What you need to do
Word for word, copy all the data and drop the pictures.

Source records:
++++++
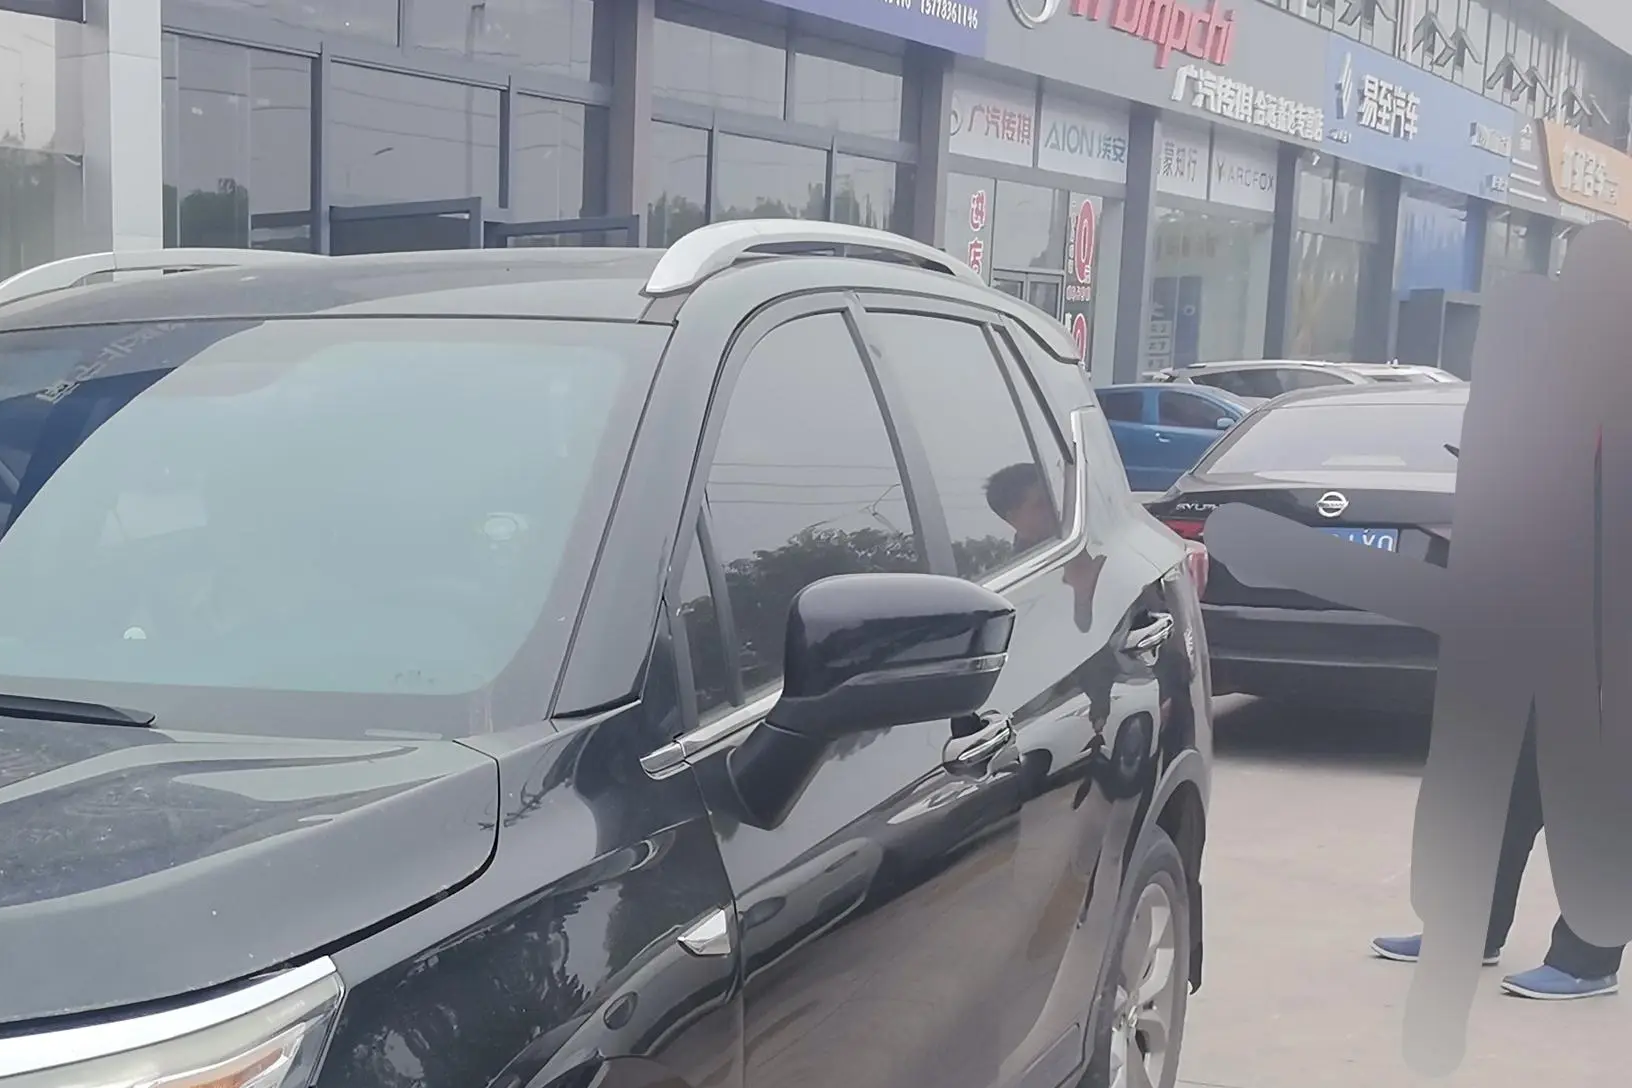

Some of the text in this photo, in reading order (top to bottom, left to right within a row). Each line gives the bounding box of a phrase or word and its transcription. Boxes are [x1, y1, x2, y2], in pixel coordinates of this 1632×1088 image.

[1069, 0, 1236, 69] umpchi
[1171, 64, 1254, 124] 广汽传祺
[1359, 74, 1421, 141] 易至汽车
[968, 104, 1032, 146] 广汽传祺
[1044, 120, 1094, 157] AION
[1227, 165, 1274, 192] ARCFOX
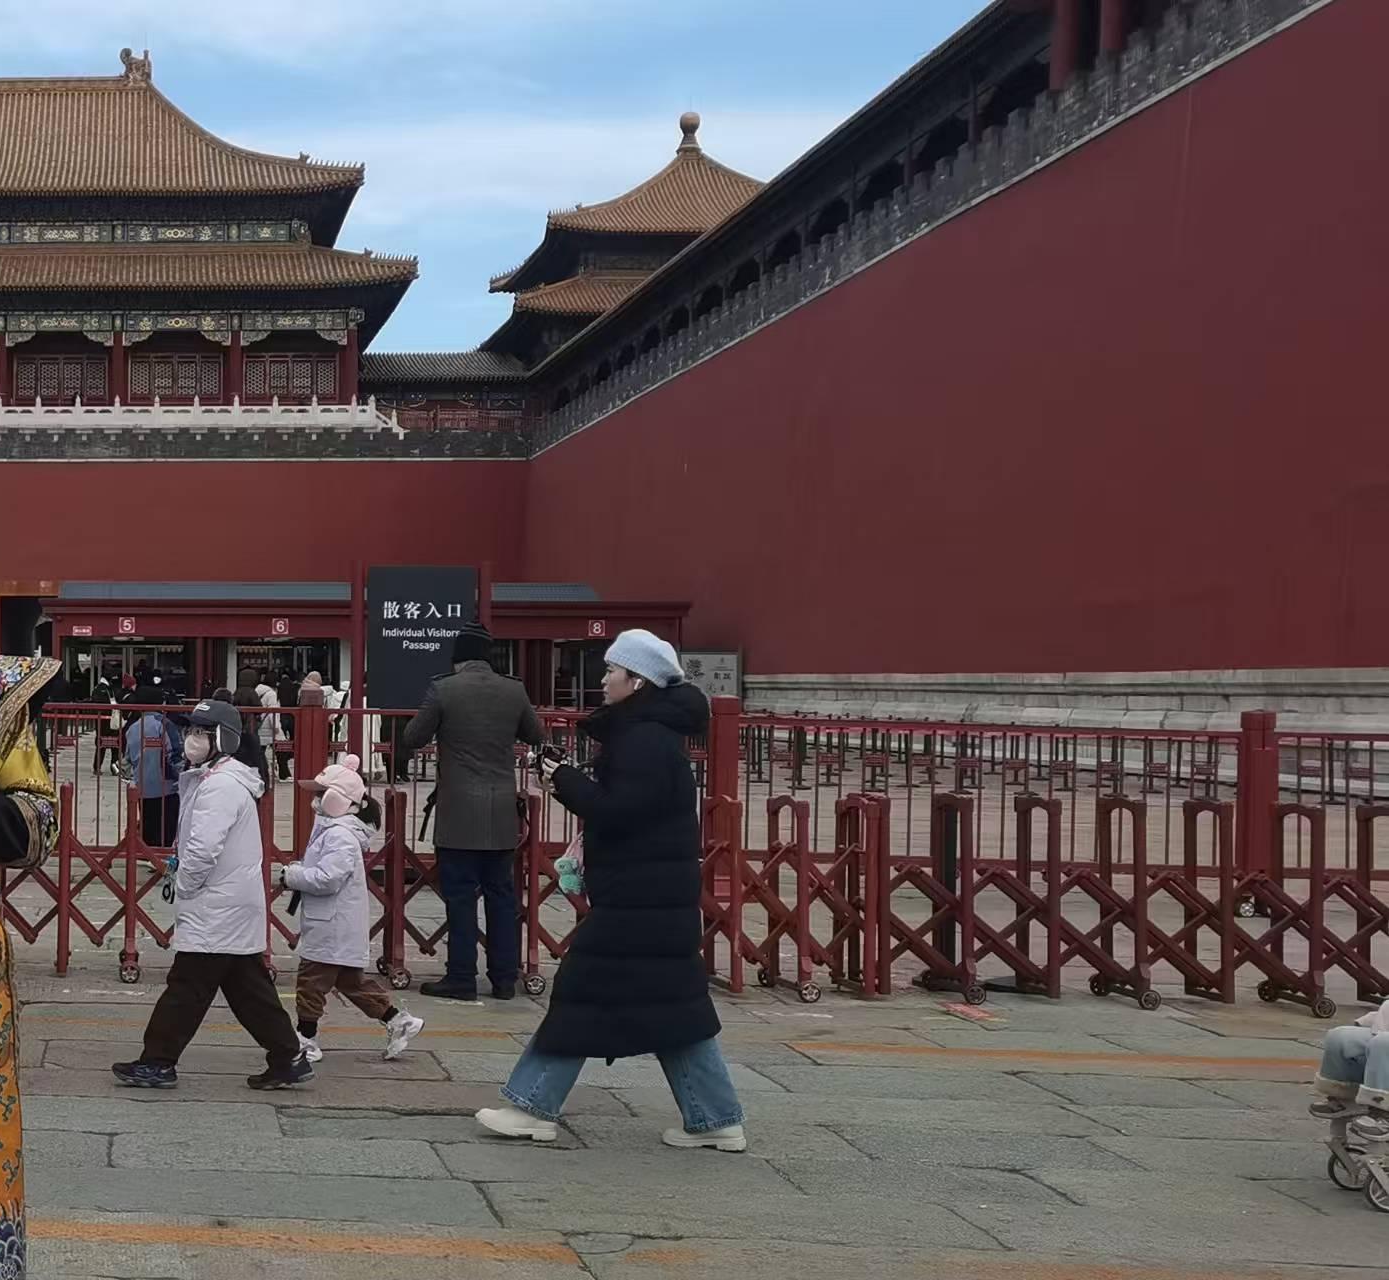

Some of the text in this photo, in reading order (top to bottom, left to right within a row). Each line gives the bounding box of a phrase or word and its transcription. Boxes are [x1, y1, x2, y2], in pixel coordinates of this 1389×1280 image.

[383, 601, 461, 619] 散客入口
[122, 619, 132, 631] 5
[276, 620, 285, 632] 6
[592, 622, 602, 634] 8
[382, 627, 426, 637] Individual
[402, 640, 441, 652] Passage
++++++
Written solution
Some of the text in this photo, in reading order (top to bottom, left to right within a row). Each line gives the bounding box of a phrase or word and its transcription. Boxes are [x1, y1, x2, y2], in pixel coordinates of this 1632×1088 image.

[1069, 0, 1236, 69] umpchi
[1171, 64, 1254, 124] 广汽传祺
[1359, 74, 1421, 141] 易至汽车
[968, 104, 1032, 146] 广汽传祺
[1044, 120, 1094, 157] AION
[1227, 165, 1274, 192] ARCFOX

Some of the text in this photo, in reading order (top to bottom, left to right within a row). Each line gives the bounding box of a phrase or word and its transcription. Boxes are [x1, y1, x2, y2], in pixel coordinates of this 1389×1280 image.

[383, 601, 461, 619] 散客入口
[122, 619, 132, 631] 5
[276, 620, 285, 632] 6
[592, 622, 602, 634] 8
[382, 627, 426, 637] Individual
[402, 640, 441, 652] Passage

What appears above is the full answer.